Doron Ben-David (דורון בן-דוד; born 30 September 1980) is an Israeli actor. He is best known for playing Steve in the Israeli television series, Fauda.

==Early life==
Ben-David was born in Tel Aviv and was mostly raised by his mother in the Ramat Hanasi neighborhood in Bat Yam. He was six-years-old when it was revealed that his father was leading a double life and had another family. Ben-David has six half-siblings from his father's relationship with another woman.

He studied at Ort Melton High School in Bat Yam. As a conscript in the Israel Defense Forces, he was stationed at the Erez Crossing as an inspector. He had to leave the army early after one year to work and support his family.

He later studied acting at the Beit Zvi performing arts school in Ramat Gan.

==Career==
Since 2015, Ben-David has been a series regular, alongside Lior Raz in the Israeli thriller television series, Fauda. In the series, he plays Steve, a Mista'arvim operative.

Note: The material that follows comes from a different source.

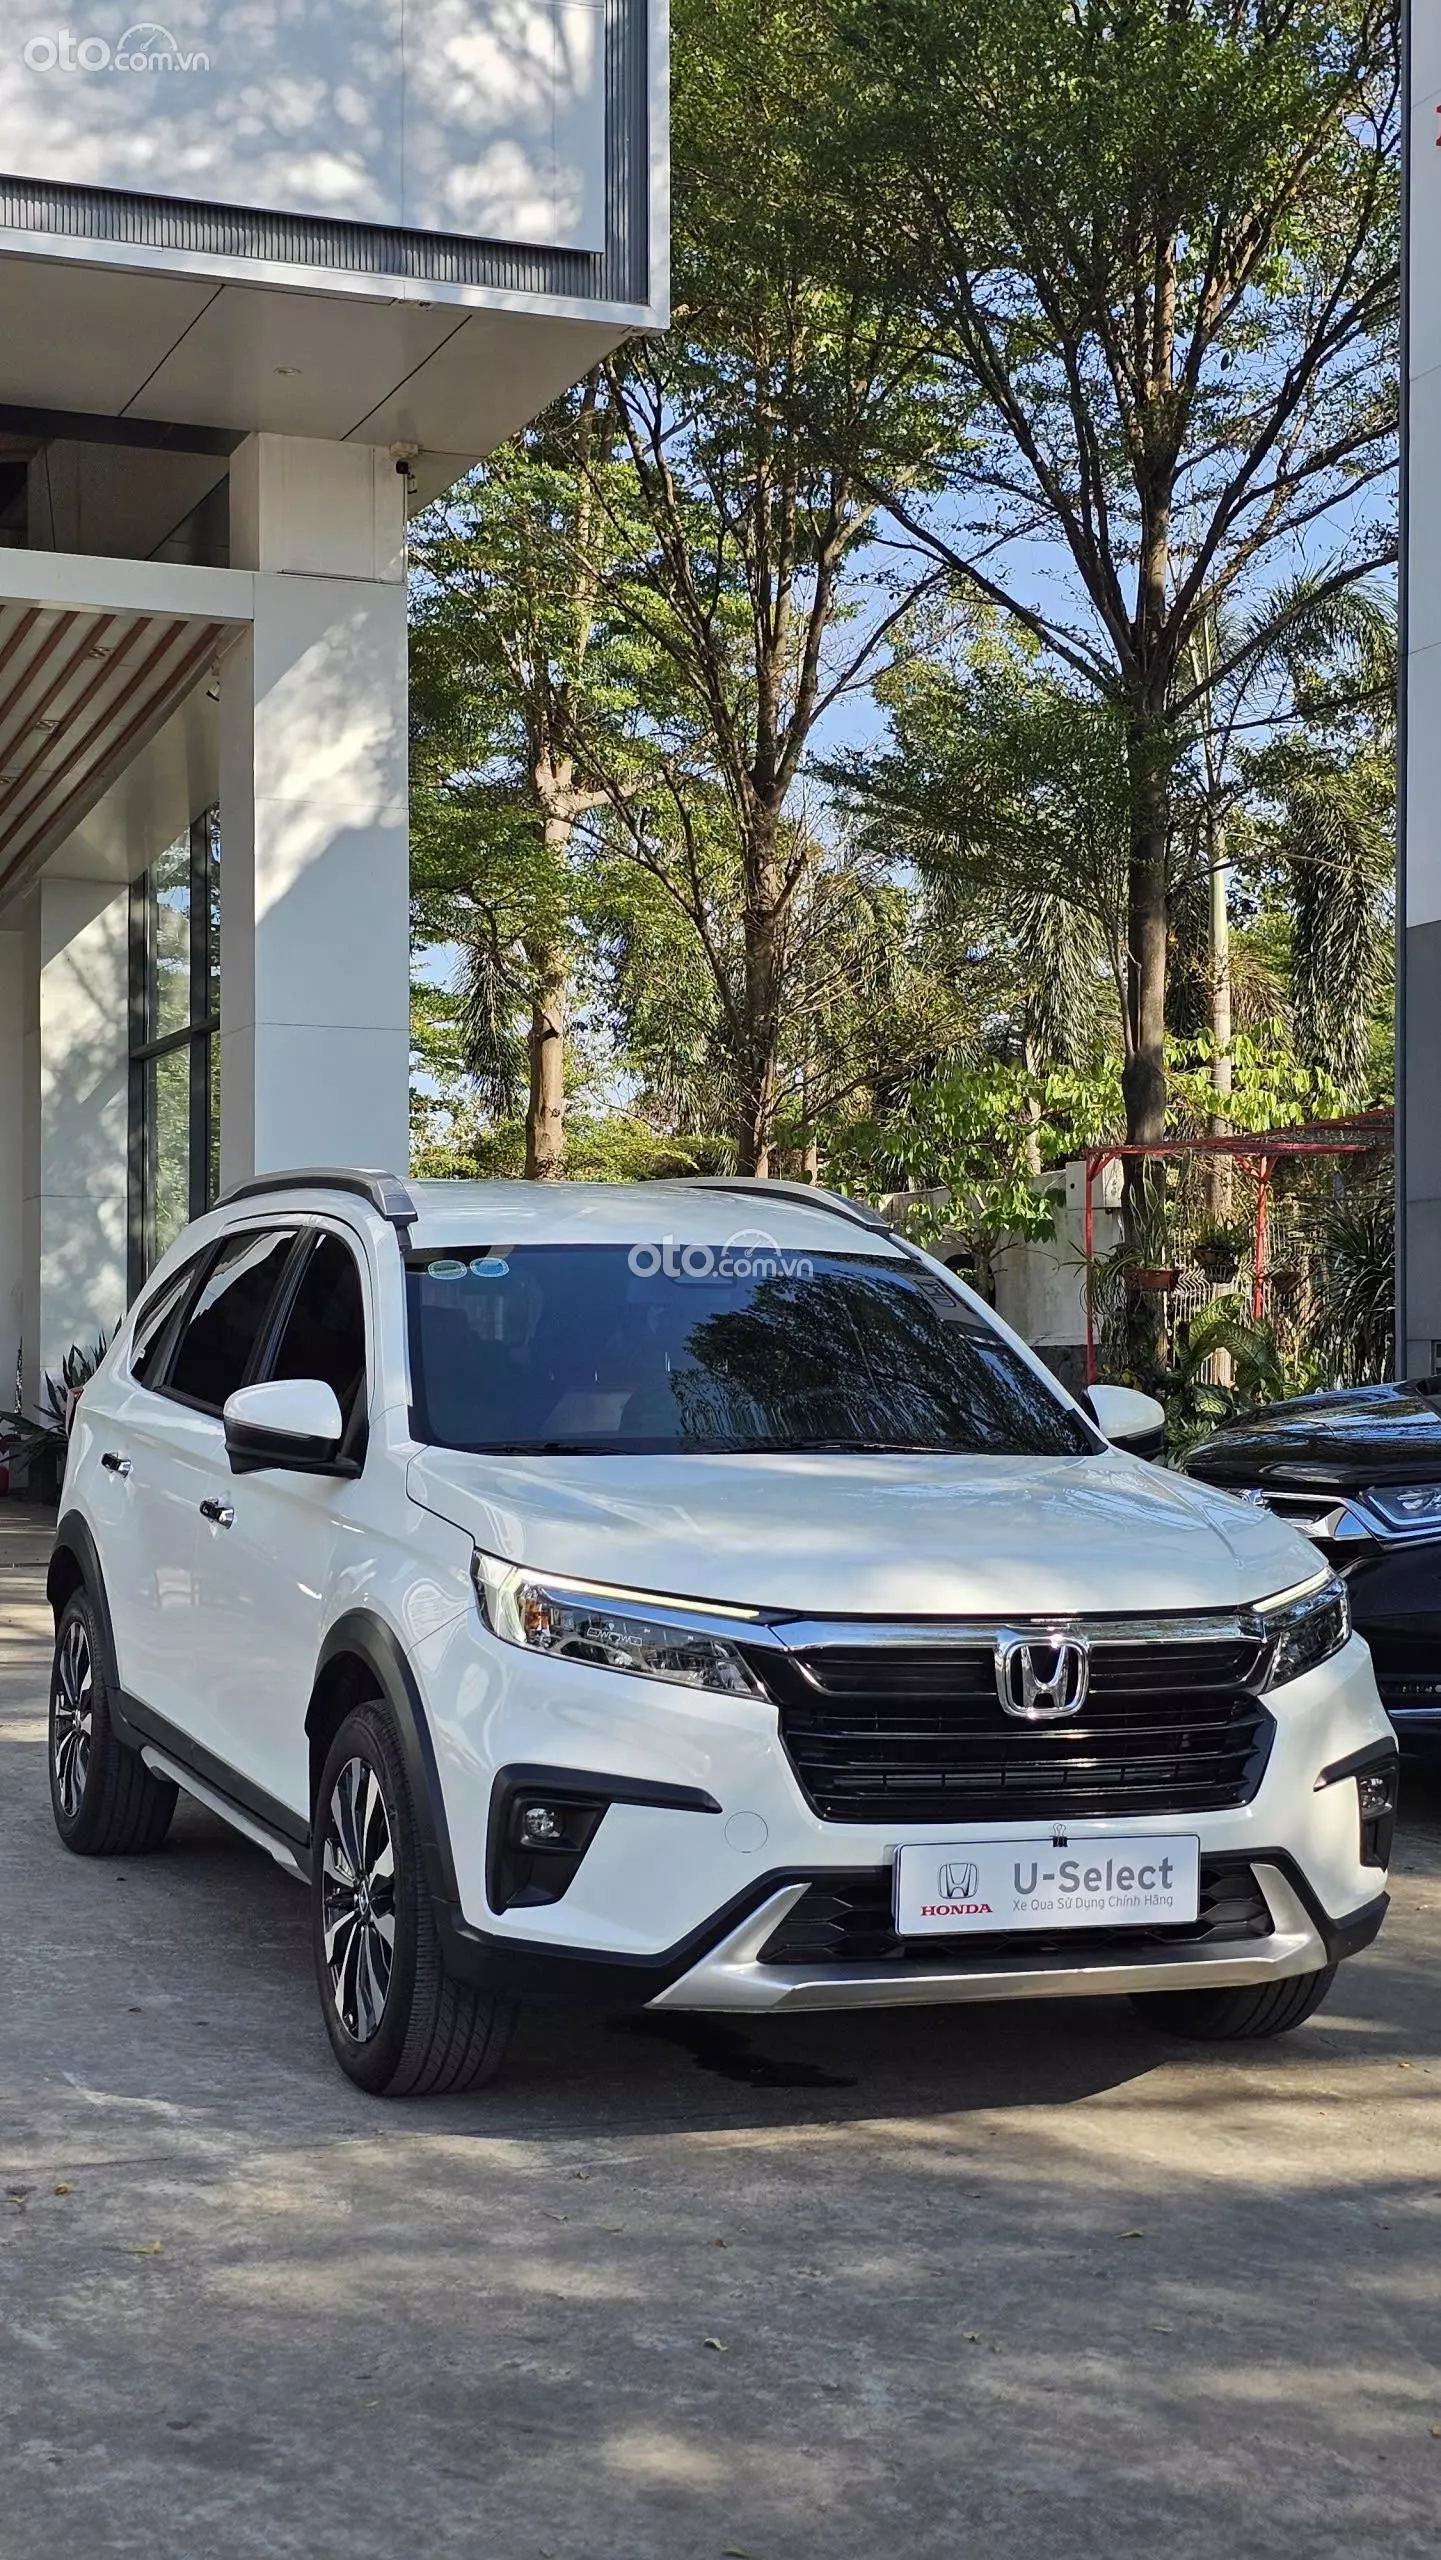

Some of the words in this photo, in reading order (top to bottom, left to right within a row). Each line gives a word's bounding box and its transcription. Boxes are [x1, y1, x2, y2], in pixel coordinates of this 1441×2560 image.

In 2016, he appeared in a stage production of Sami Michael's novel, A Trumpet in the Wadi at Haifa Theatre.

Since 2020, he has starred in three seasons of the Israeli television police procedural series, Manayek on Kan 11.

In 2022, Ben-David played the protagonist, Amir Halevi in the acclaimed Israeli drama series, The Lesson. The series was inspired by the much-publicized case of a civics teacher in Rishon LeZion in 2020.

In addition to acting, he teaches acting classes and models, appearing in fashion campaigns for Factory 54.

==Personal life==
Ben-David is married to Mittal, a yoga instructor, with whom he has three children. He lives with his family in Holon. He has spoken openly about experiencing anxiety and starting therapy at the age of 40.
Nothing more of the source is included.